Thus far, the host cellular substrate and the coupling mechanism that ToV 3CLP regulates have not yet been identified. Given that GSDMD appears to be a conserved and common host target for multiple viral 3CLPs, we aimed to determine whether it is also a substrate for the PToV 3CLP in this study. To this end, we indeed demonstrate that the PToV 3CLP cleave porcine GSDMD (pGSDMD) at two specific sites, glutamine 193 (Q193) and Q277 through its protease activity. The resulting N-terminal fragment, pGSDMD_1–277_, which mimics GSDMD-N, localizes to the cellular membrane and triggers lactate dehydrogenase (LDH) release, bactericidal activity, and pyroptosis. Intriguingly, the finding is in contrast to the inhibitory effect exerted by the CoV 3CLP on this process, providing an additional evidence of the virus-specific trait of 3CLP between ToV and CoV.
Materials and methods
Cell culture
Human embryonic kidney HEK-293T cells (ATCC CRL-3216), BSR-T7 cells (BHK-21 cell subclones stably expressing bacteriophage T7 RNA polymerase; kindly provided by Dr Zhenghe Li at Zhejiang University, China), and African green monkey kidney cells (Vero; ATCC CCL-81) were cultured in Dulbecco’s modified Eagle’s medium (DMEM; Gibco), supplemented with 10% fetal bovine serum (FBS; Excell), 100 U/mL penicillin, and 100 μg/mL streptomycin. The porcine small intestinal IPEC-J2 cell line was a generous gift from Dr. Lijuan Yuan at Virginia Tech, Blacksburg, VA. The IPEC-J2 cells were grown in DMEM supplemented with 5% FBS and 1% antibiotics.
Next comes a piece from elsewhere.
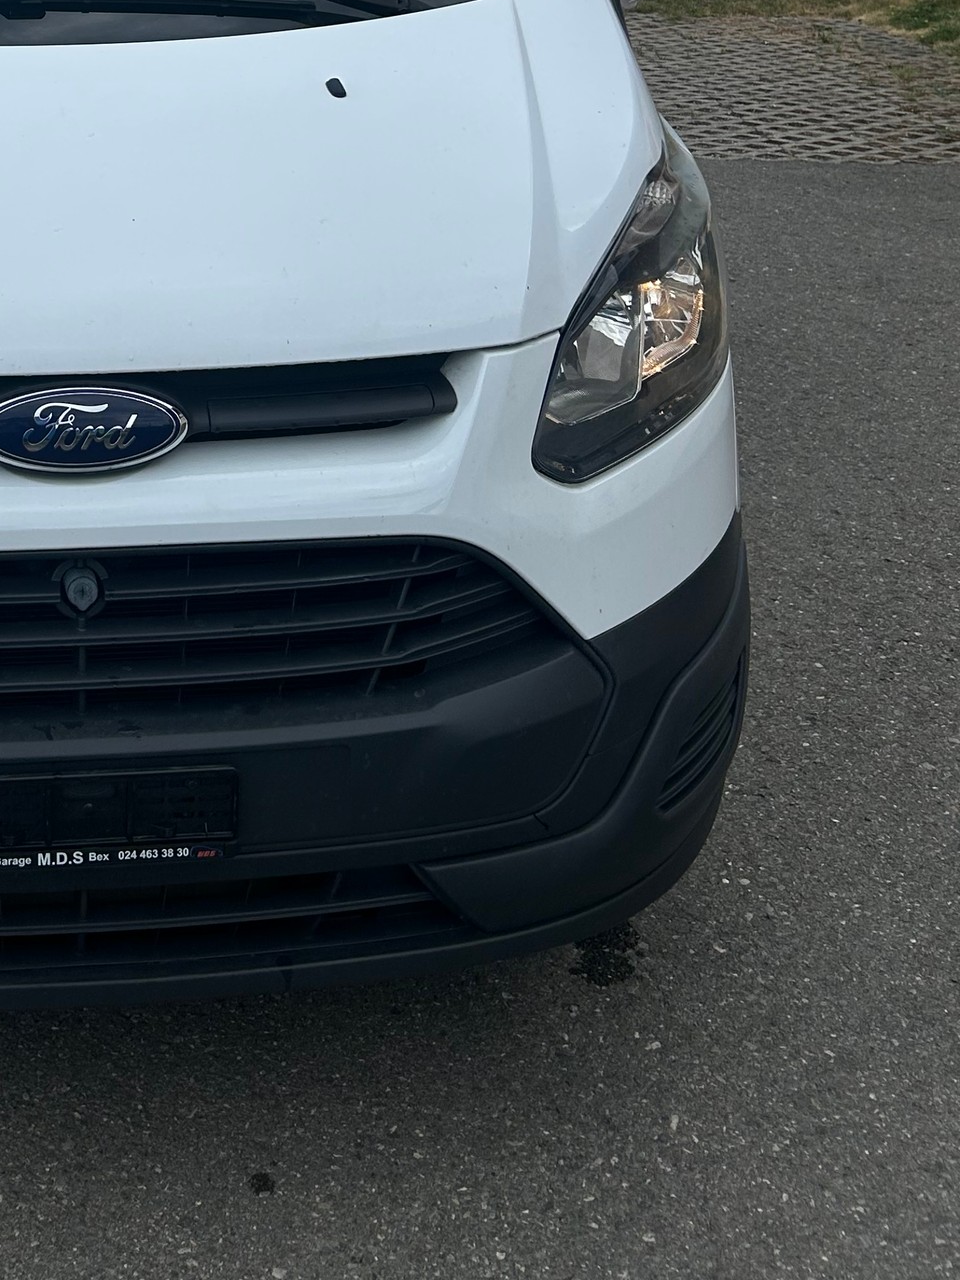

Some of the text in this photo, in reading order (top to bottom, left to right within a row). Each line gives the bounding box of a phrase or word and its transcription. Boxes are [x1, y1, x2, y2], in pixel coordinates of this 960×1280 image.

Plasmids, antibodies and inhibitors
The plasmids expressing porcine caspase-1 (with an N-terminal HA-tag), GSDMA, GSDMB, GSDMC, GSDMD, and GSDME (with an N-terminal 3×FLAG-tag) were kindly provided by Dr. Fushan Shi (Zhejiang University, China) [31]. Genes encoding PToV non-structural and structural proteins were amplified from the full-length genomic cDNA clone of the PToV-ZJU39 strain (GenBank accession no. MT684462) [42], and cloned into an expression vector pRK5 with a C-terminal 3×FLAG tag. Site-directed mutagenesis of PToV 3CLP and pGSDMD was carried out using overlap extension PCR. The truncated mutants of pGSDMD were cloned into pCMV vector with 3×FLAG tag at the N-terminus. The DNA fragment containing GFP or PToV 3CLP fused with GFP, linked by a self-cleaving peptide T2A, was digested with SmaI and XhoI and cloned into the pVSV(+)-FL vector, which is an infectious VSV plasmid cDNA (a gift from Dr. Zhenghe Li, Zhejiang University, China). All constructs were confirmed by DNA sequencing.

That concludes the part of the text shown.